Open Access BASE2018

Ethics of Coding: A Report on the Algorithmic Condition

In: https://dspace.library.uu.nl/handle/1874/396432

Abstract

This report on the Ethics of Coding [EoC] presents a snapshot view through an investigation on the current state of what we call "the algorithmic condition". By speaking of the algorithmic condition, we pick up today, in critical manner, Hannah Arendt's question of the condition of possibility for leading an "active life" as the conditions of possibility for politics. For Arendt, this question emerged out of an altered status of knowledge that resulted in her time from being related to nature of the earth as investigated from a viewpoint in the universe, rather than one situated firmly on earthly grounds (Arendt, 1958). In doing so this report brings together discourses and objects, of the sciences and the humanities, and seeks to present a spectrum of the diversity of issues generated by this altered, novel condition, and survey of the wide-ranging considerations and potential applications of this topic. Further, this report on the ethics of coding and the algorithmic condition asks: How can we think adequately about the relation between knowledge and ethics in societies that are governed by algorithmic digital systems and objects endowed with agency?
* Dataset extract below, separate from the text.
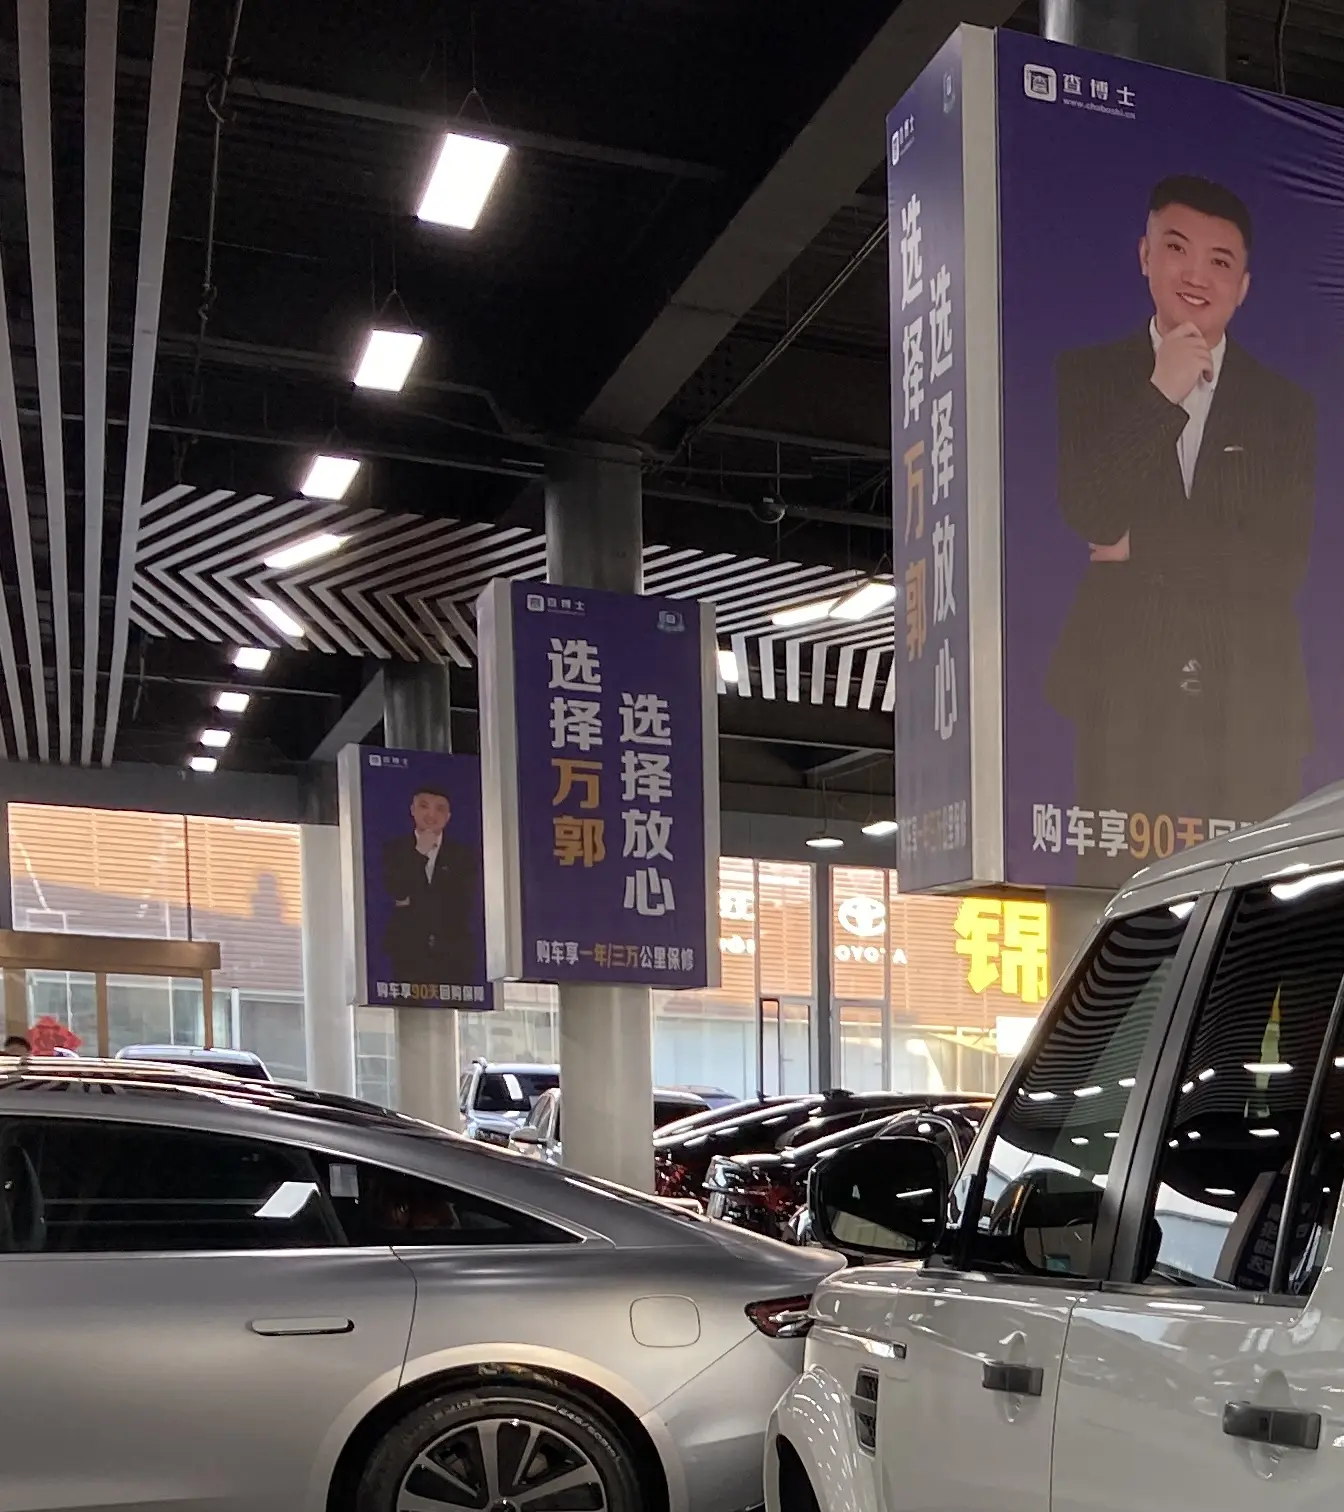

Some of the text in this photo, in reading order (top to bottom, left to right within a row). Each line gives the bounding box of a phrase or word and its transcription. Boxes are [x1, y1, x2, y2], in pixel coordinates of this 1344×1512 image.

In order to attend to these latter questions, we looked at Jean-Francois Lyotard's report from 1979 on the altered status of knowledge in "computerized societies". Raising Arendt's question of critique (and transcendentality of conditions of possibility) with regard to how we think about "human nature", as well as by relating coding and programming to Lyotard's particular notion of language games and paralogisms (Lyotard, 1979), we propose to take into account, from both viewpoints, an emerging novel "literacy" which we propose to call a "quantum literacy". With this, we want to direct attention to the principle inadequacy of thinking about numbers and letters, mathematics and language, as two separate domains of which the former is concerned with the necessary whereas the latter deals with the contingent and interpretable. Code confronts us with an "impure" ...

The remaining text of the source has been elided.